Commentary & Perspective
Commentary & Perspective on
"Early Mortality After Hip Fracture: Is Delay Before Surgery Important?"
by Christopher G. Moran, MD, FRCS(ED), et al.
Commentary & Perspective by
Joseph D. Zuckerman, MD*,
New York University-Hospital for Joint Diseases, New York, NY
There is a general agreement that a basic principle for the treatment of patients who sustain a hip fracture is that operative management should be performed as soon as possible after the patient has been admitted to the hospital. Although the timing of operative intervention may have an impact on fracture healing in some situations, the primary rationale for minimizing operative delay is to decrease the risk of complications associated with prolonged recumbency and the prevalence of postoperative morbidity and mortality. This is particularly true for elderly patients, a group that sustains the overwhelming majority of these injuries. Although this basic principle of management has been examined by several investigators, the results have not always supported this "tried and true" principle of management1-3. Because of the relative paucity of studies addressing this issue, the article "Early Mortality after Hip Fracture: Is Delay Before Surgery Important?" is an important contribution that enhances our ability to optimize our treatment approach.
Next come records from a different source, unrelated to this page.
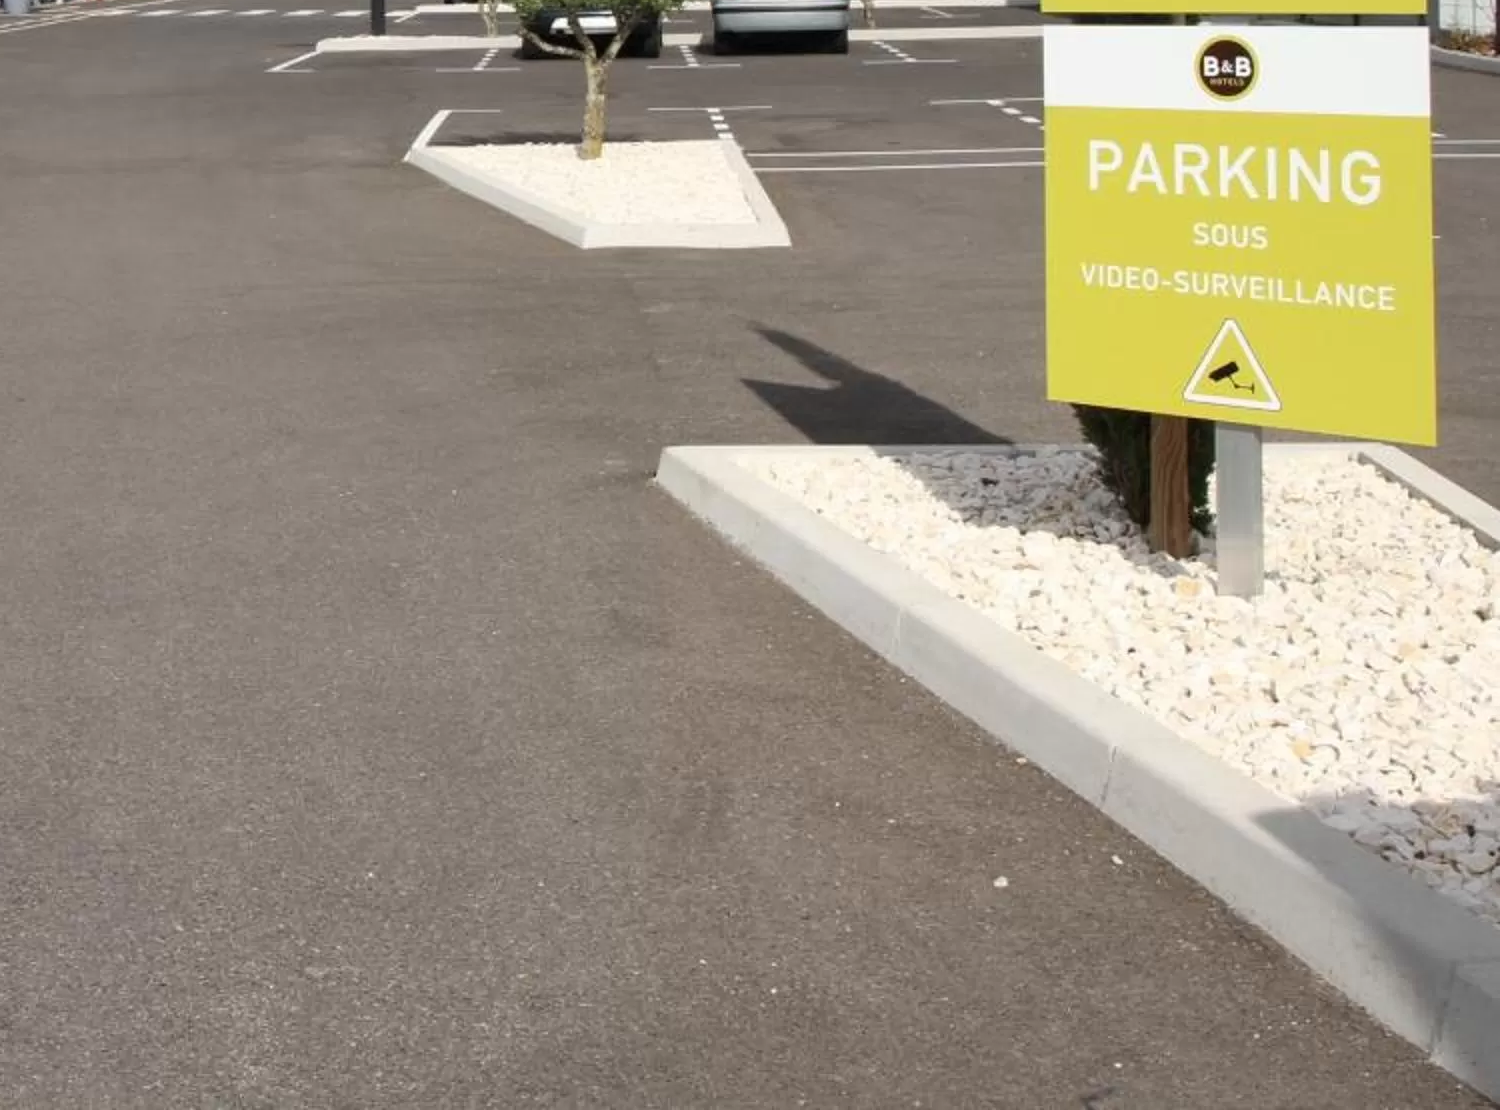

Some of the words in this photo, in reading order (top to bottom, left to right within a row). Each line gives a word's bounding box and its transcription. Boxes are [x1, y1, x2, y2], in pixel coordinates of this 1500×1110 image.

[1203, 55, 1252, 77] B&B
[1086, 138, 1384, 206] PARKING
[1193, 221, 1268, 250] SOUS
[1080, 262, 1396, 311] VIDEO-SURVEILLANCE
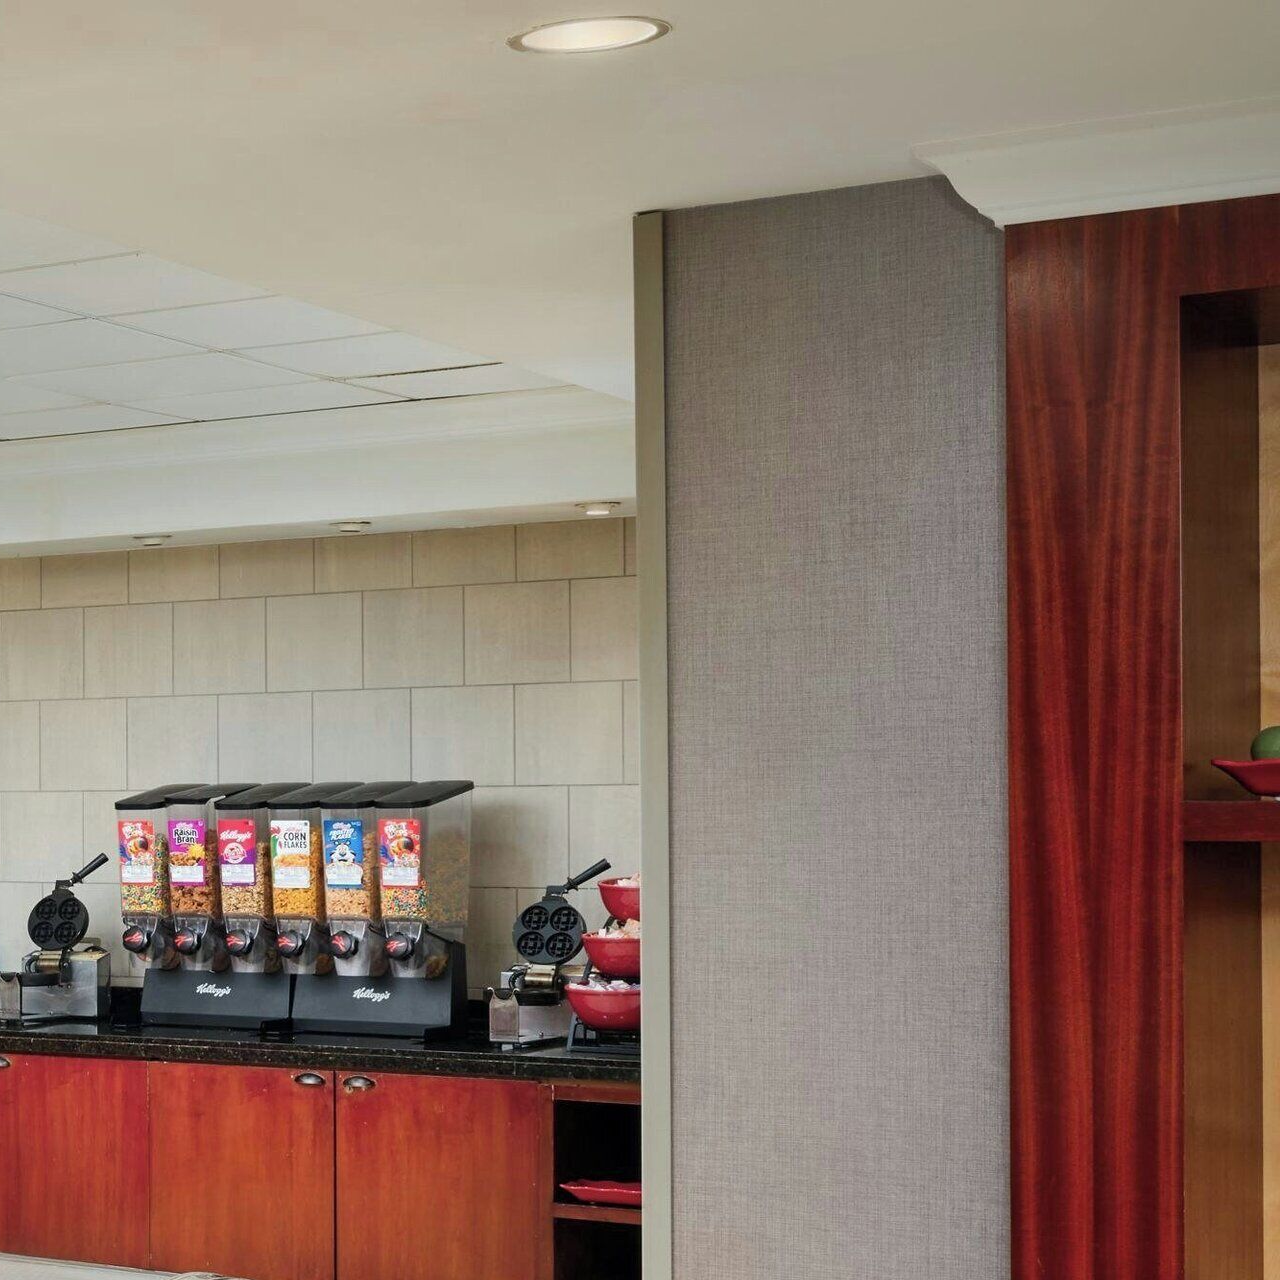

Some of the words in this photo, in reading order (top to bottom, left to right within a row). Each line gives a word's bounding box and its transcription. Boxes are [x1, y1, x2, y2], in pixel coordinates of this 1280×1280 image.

[174, 829, 197, 837] Raisin
[283, 832, 307, 841] CORN
[177, 836, 195, 844] Bran
[284, 841, 307, 849] FLAKES
[196, 983, 231, 997] Kellogg's
[352, 987, 391, 1002] Kellogg's
Moran et al. conducted a prospective observational study of 2660 patients who underwent surgery at one large university hospital. They found that, for medically stable patients, an operative delay of more than four days resulted in an increase in the ninety-day and one-year mortality compared with that of patients who underwent surgery within four days of admission. The authors also determined that patients who were admitted with an acute medical comorbidity that required stabilization preoperatively had a significantly increased risk of thirty-day mortality compared with patients without comorbidities. However, the authors did not find that the increased mortality could be specifically related to operative delay. This finding is in conflict with reports by other authors who have found that operative delay in medically compromised patients decreased mortality4, although others have identified an increased mortality risk5. We have studied this question previously and found that an operative delay of more than two days after admission significantly increased the risk of mortality one year after fracture6. By controlling for age, gender, and severity of preexisting medical conditions, the relationship between operative delay and increased mortality remained.
The strength of the current study is primarily in the large number of patients included. Previous studies that have addressed the issue of operative delay and postoperative mortality in patients with hip fracture have utilized far fewer patients. In addition, the prospective data collection and the confirmed follow-up on each and every patient in the study adds further strength to the conclusions.
An important unanswered question remains. "What is the definition of operative delay?" This has been defined differently by different authors. Some have focused on operative delay of more than twenty-four hours, some have utilized forty-eight hours, while others have used one week or more7. This may help explain the different results that have been reported by different authors. In addition, it is now well recognized that the patients who sustain a hip fracture are a relatively heterogeneous group. Although they tend to be elderly, they may present without medical comorbidities or may have serious comorbidities; they may be independent, community ambulators or they may be dependent home ambulators. Therefore, studies of patients who have sustained a hip fracture should be carefully analyzed so that these important differences are controlled for in any statistical analysis.
In summary, the results of this study provide additional support for an important treatment principle: operative management of these patients should proceed expeditiously, with careful attention to stabilization of concurrent comorbidities.
*The author did not receive grants or outside funding in support of the research or preparation of this manuscript. He did not receive payments or other benefits or a commitment or agreement to provide such benefits from a commercial entity. No commercial entity paid or directed, or agreed to pay or direct, any benefits to any research fund, foundation, educational institution, or other charitable or nonprofit organization with which the author is affiliated or associated.